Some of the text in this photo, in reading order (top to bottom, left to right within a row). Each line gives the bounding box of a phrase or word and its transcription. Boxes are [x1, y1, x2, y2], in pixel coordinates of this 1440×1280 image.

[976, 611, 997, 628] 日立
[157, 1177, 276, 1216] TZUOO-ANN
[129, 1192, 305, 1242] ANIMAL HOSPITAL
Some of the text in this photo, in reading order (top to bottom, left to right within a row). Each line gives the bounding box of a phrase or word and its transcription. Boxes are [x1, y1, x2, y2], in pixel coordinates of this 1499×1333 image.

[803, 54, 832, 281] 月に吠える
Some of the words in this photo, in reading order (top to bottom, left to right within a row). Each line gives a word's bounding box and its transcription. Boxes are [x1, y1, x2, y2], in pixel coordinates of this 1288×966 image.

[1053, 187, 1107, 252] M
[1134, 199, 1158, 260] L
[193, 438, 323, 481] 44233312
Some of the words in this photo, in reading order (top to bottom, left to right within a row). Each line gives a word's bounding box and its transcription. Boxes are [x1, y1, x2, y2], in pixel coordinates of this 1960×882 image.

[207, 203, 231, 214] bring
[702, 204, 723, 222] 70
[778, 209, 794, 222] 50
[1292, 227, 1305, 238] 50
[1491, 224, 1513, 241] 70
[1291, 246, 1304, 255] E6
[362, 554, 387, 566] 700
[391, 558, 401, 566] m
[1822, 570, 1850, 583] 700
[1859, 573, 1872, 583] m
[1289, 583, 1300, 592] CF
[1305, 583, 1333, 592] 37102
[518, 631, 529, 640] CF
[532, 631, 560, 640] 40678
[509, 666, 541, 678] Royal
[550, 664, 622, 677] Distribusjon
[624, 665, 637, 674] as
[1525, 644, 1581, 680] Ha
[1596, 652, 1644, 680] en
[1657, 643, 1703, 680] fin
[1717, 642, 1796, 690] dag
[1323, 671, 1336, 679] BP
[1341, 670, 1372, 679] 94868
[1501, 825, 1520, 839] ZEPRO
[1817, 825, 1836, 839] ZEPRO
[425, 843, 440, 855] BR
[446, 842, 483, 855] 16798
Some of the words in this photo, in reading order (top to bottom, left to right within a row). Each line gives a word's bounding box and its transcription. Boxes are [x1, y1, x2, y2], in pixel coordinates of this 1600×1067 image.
_____
The complete listing must be reproduced exactly as written.

== Task result ==
Some of the text in this photo, in reading order (top to bottom, left to right within a row). Each line gives the bounding box of a phrase or word and its transcription. Boxes are [x1, y1, x2, y2], in pixel coordinates of this 1440×1280 image.

[976, 611, 997, 628] 日立
[157, 1177, 276, 1216] TZUOO-ANN
[129, 1192, 305, 1242] ANIMAL HOSPITAL
Some of the text in this photo, in reading order (top to bottom, left to right within a row). Each line gives the bounding box of a phrase or word and its transcription. Boxes are [x1, y1, x2, y2], in pixel coordinates of this 1499×1333 image.

[803, 54, 832, 281] 月に吠える
Some of the words in this photo, in reading order (top to bottom, left to right within a row). Each line gives a word's bounding box and its transcription. Boxes are [x1, y1, x2, y2], in pixel coordinates of this 1288×966 image.

[1053, 187, 1107, 252] M
[1134, 199, 1158, 260] L
[193, 438, 323, 481] 44233312
Some of the words in this photo, in reading order (top to bottom, left to right within a row). Each line gives a word's bounding box and its transcription. Boxes are [x1, y1, x2, y2], in pixel coordinates of this 1960×882 image.

[207, 203, 231, 214] bring
[702, 204, 723, 222] 70
[778, 209, 794, 222] 50
[1292, 227, 1305, 238] 50
[1491, 224, 1513, 241] 70
[1291, 246, 1304, 255] E6
[362, 554, 387, 566] 700
[391, 558, 401, 566] m
[1822, 570, 1850, 583] 700
[1859, 573, 1872, 583] m
[1289, 583, 1300, 592] CF
[1305, 583, 1333, 592] 37102
[518, 631, 529, 640] CF
[532, 631, 560, 640] 40678
[509, 666, 541, 678] Royal
[550, 664, 622, 677] Distribusjon
[624, 665, 637, 674] as
[1525, 644, 1581, 680] Ha
[1596, 652, 1644, 680] en
[1657, 643, 1703, 680] fin
[1717, 642, 1796, 690] dag
[1323, 671, 1336, 679] BP
[1341, 670, 1372, 679] 94868
[1501, 825, 1520, 839] ZEPRO
[1817, 825, 1836, 839] ZEPRO
[425, 843, 440, 855] BR
[446, 842, 483, 855] 16798
Some of the words in this photo, in reading order (top to bottom, left to right within a row). Each line gives a word's bounding box and its transcription. Boxes are [x1, y1, x2, y2], in pixel coordinates of this 1600×1067 image.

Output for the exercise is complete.